## EXERCISE INSTRUCTIONS
Each entry that follows should be set down precisely, with its pictures removed.

## THE DATA

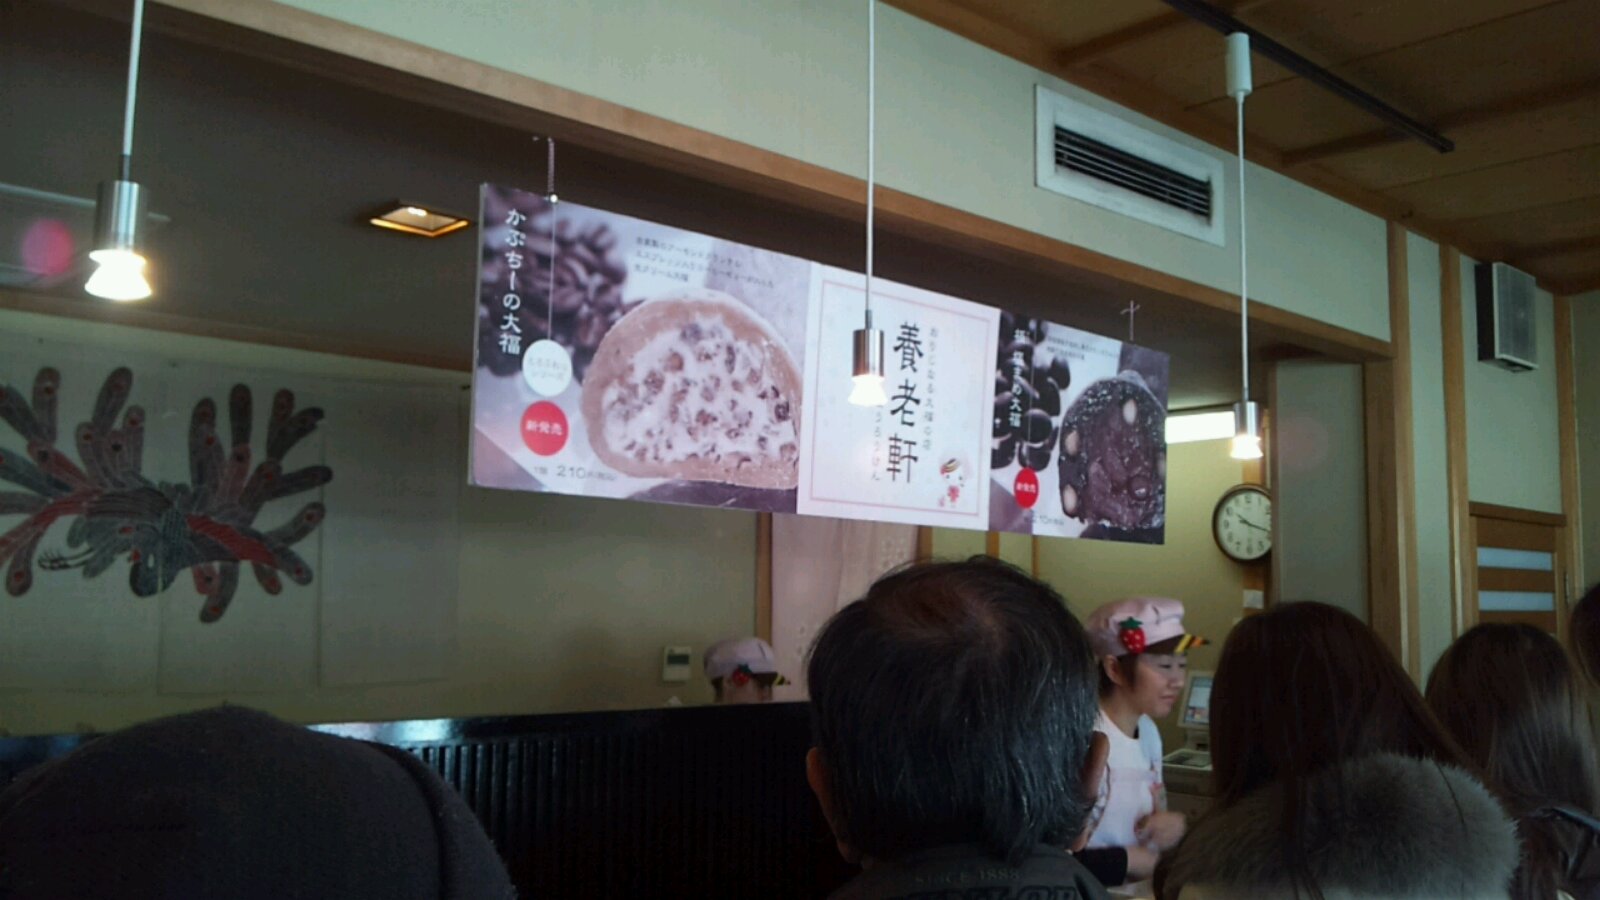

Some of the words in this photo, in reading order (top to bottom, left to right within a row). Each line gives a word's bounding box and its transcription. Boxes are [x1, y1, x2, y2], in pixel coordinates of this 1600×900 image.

[499, 208, 527, 355] かぷちーの大福
[525, 419, 562, 435] 新発売
[885, 319, 924, 483] 養老軒
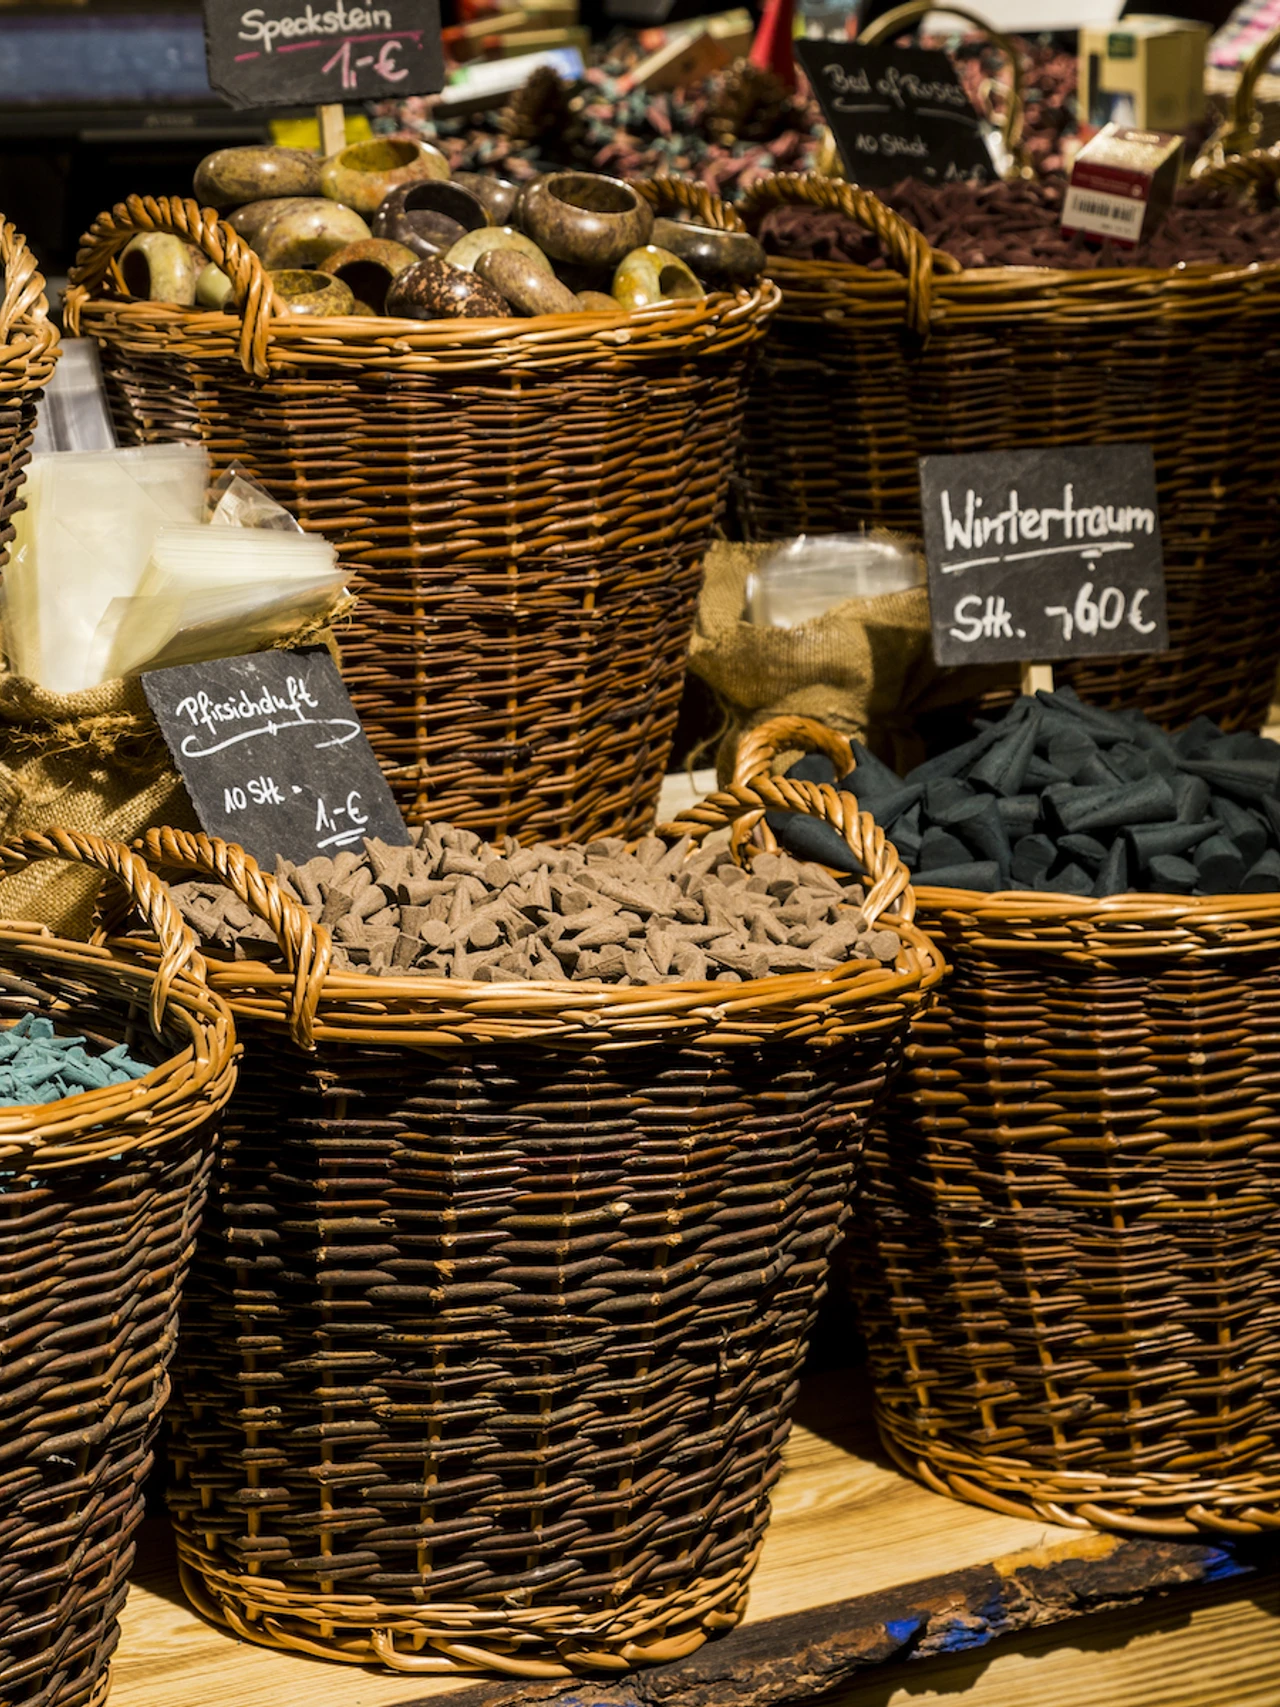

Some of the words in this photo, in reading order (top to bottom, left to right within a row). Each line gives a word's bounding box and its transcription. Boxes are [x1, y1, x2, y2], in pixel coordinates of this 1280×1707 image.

[238, 0, 392, 53] Speckstein
[823, 64, 870, 93] Bed
[876, 66, 905, 109] of
[855, 133, 878, 155] 10
[940, 482, 1155, 551] Wintertraum
[949, 594, 1027, 643] Stk.
[175, 675, 319, 736] Pfirsichduft
[223, 786, 248, 814] 10
[246, 775, 286, 805] Stk
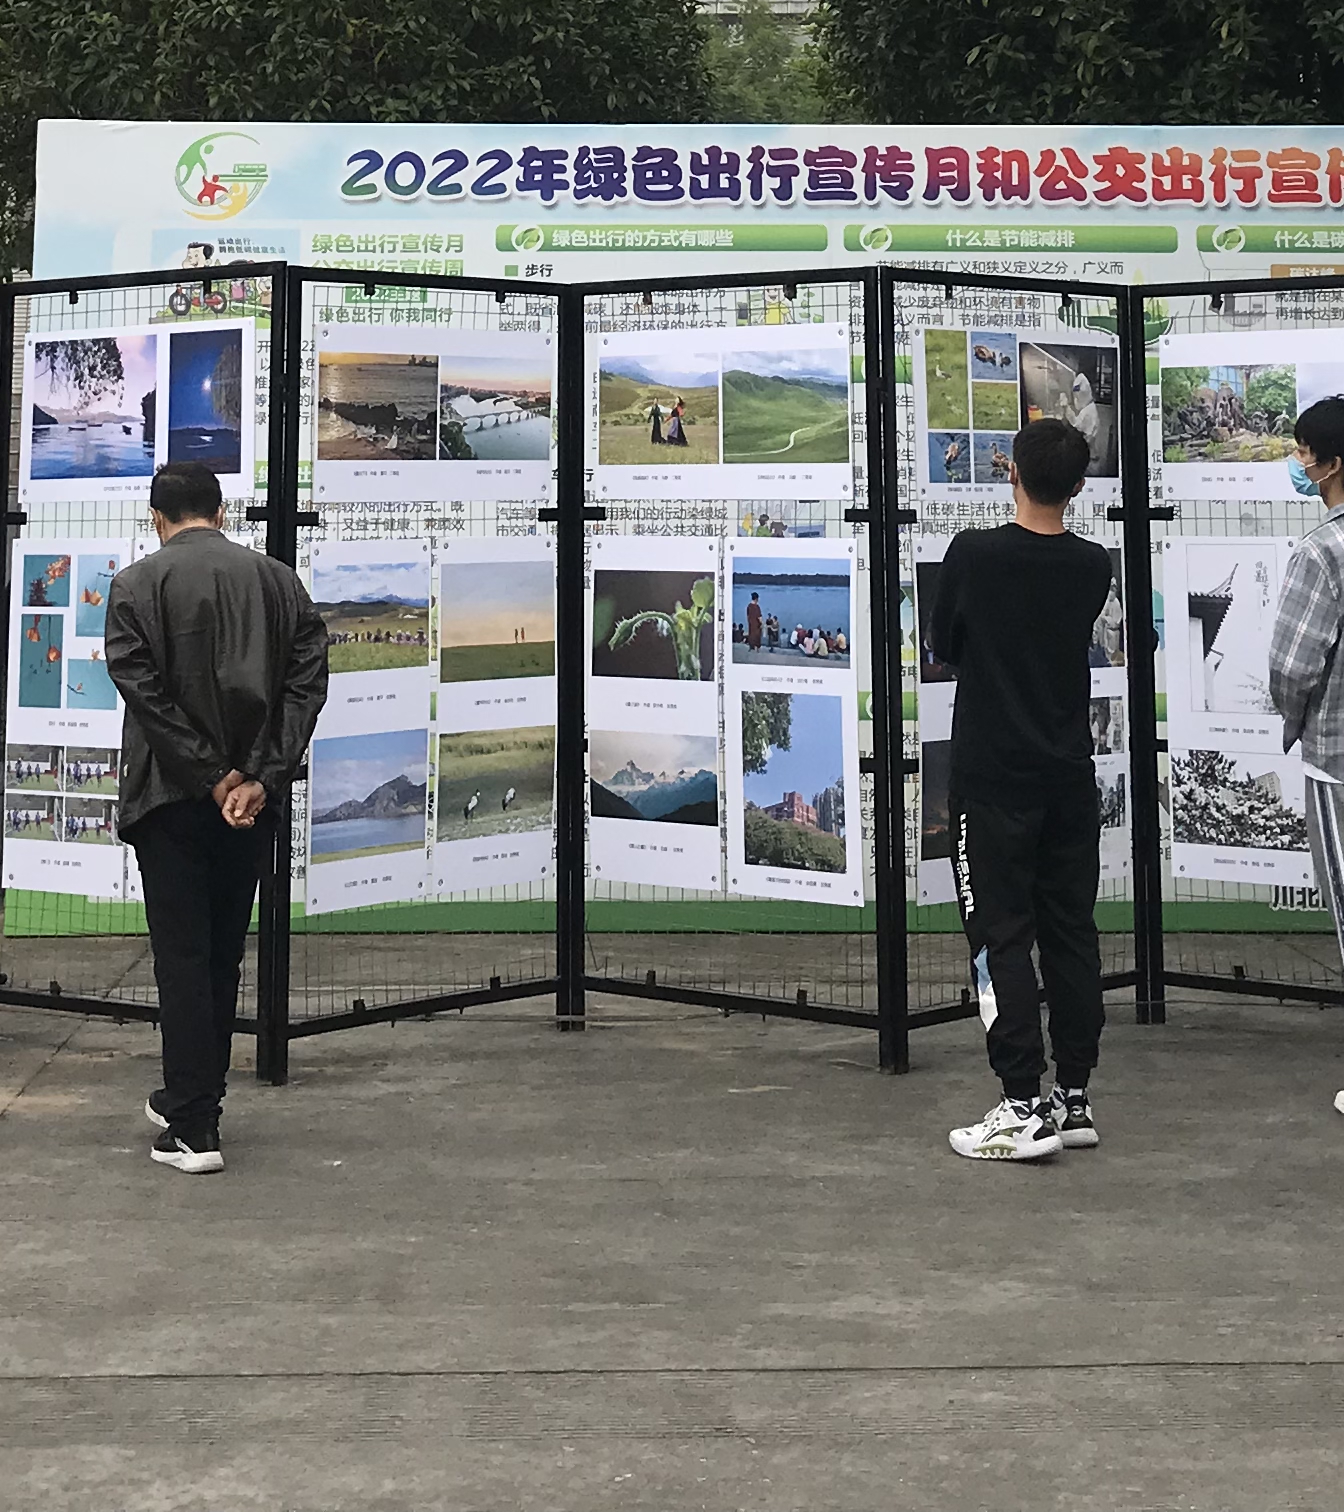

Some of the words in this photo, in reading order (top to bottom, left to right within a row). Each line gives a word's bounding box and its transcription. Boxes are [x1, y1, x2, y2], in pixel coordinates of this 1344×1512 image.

[312, 233, 464, 254] 绿色出行宣传月
[552, 229, 734, 247] 绿色出行的方式有哪些
[946, 230, 1075, 248] 什么是节能减排
[525, 264, 553, 277] 步行
[319, 307, 384, 324] 绿色出行
[389, 307, 453, 324] 你我同行
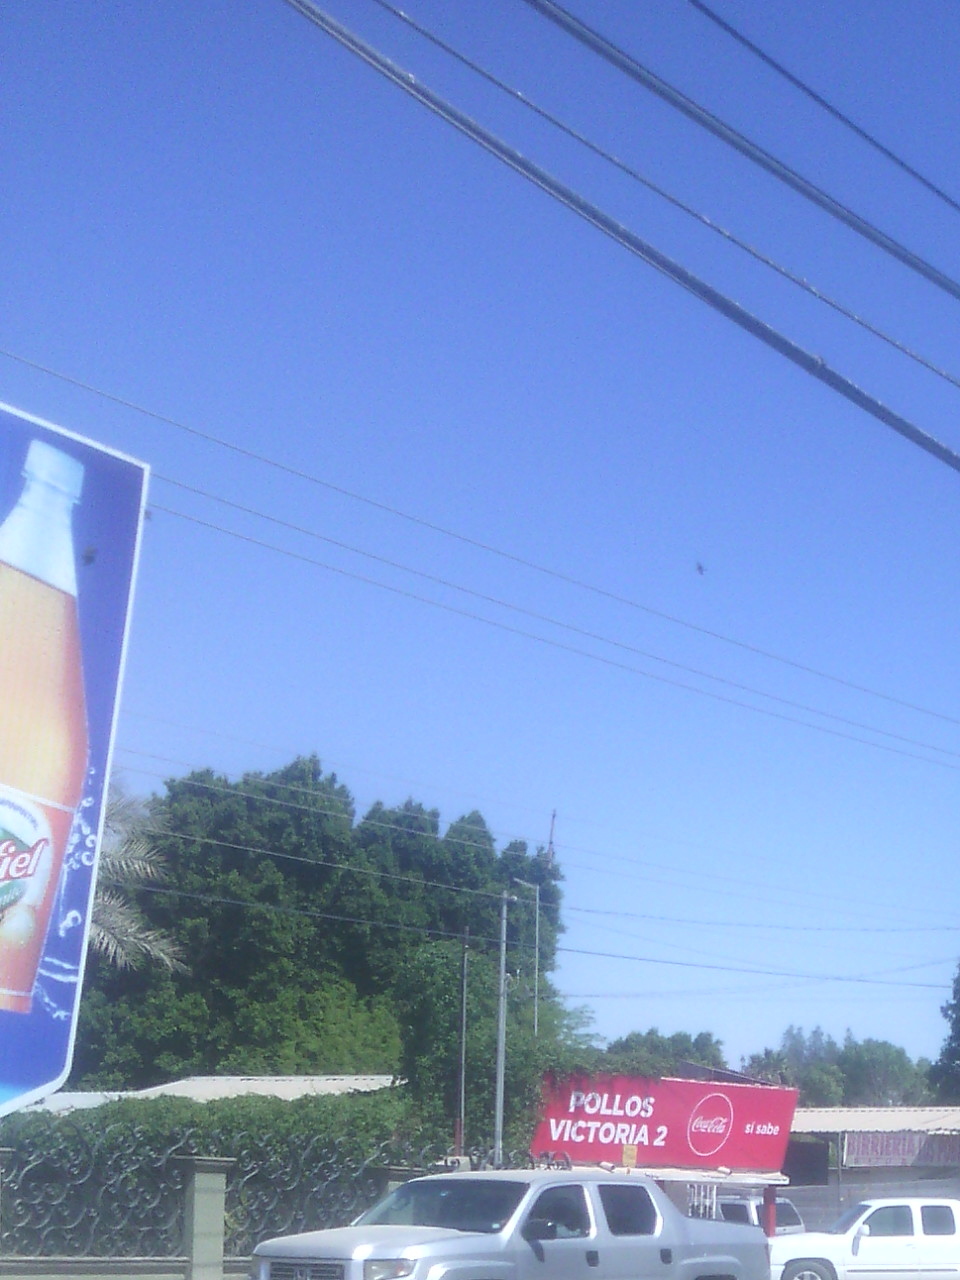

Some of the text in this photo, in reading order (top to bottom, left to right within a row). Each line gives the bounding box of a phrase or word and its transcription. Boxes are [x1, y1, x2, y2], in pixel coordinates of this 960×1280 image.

[568, 1091, 655, 1118] POLLOS
[549, 1118, 669, 1146] VICTORIA 2
[756, 1122, 780, 1136] sabe

## ANSWER TO THE EXERCISE
Some of the words in this photo, in reading order (top to bottom, left to right within a row). Each line gives a word's bounding box and its transcription. Boxes are [x1, y1, x2, y2], in pixel coordinates of this 1600×900 image.

[499, 208, 527, 355] かぷちーの大福
[525, 419, 562, 435] 新発売
[885, 319, 924, 483] 養老軒

Some of the words in this photo, in reading order (top to bottom, left to right within a row). Each line gives a word's bounding box and its transcription. Boxes are [x1, y1, x2, y2], in pixel coordinates of this 1280×1707 image.

[238, 0, 392, 53] Speckstein
[823, 64, 870, 93] Bed
[876, 66, 905, 109] of
[855, 133, 878, 155] 10
[940, 482, 1155, 551] Wintertraum
[949, 594, 1027, 643] Stk.
[175, 675, 319, 736] Pfirsichduft
[223, 786, 248, 814] 10
[246, 775, 286, 805] Stk

Some of the words in this photo, in reading order (top to bottom, left to right within a row). Each line gives a word's bounding box and its transcription. Boxes are [x1, y1, x2, y2], in pixel coordinates of this 1344×1512 image.

[312, 233, 464, 254] 绿色出行宣传月
[552, 229, 734, 247] 绿色出行的方式有哪些
[946, 230, 1075, 248] 什么是节能减排
[525, 264, 553, 277] 步行
[319, 307, 384, 324] 绿色出行
[389, 307, 453, 324] 你我同行

Some of the text in this photo, in reading order (top to bottom, left to right within a row). Each line gives the bounding box of a phrase or word and its transcription. Boxes are [x1, y1, x2, y2], in pixel coordinates of this 960×1280 image.

[568, 1091, 655, 1118] POLLOS
[549, 1118, 669, 1146] VICTORIA 2
[756, 1122, 780, 1136] sabe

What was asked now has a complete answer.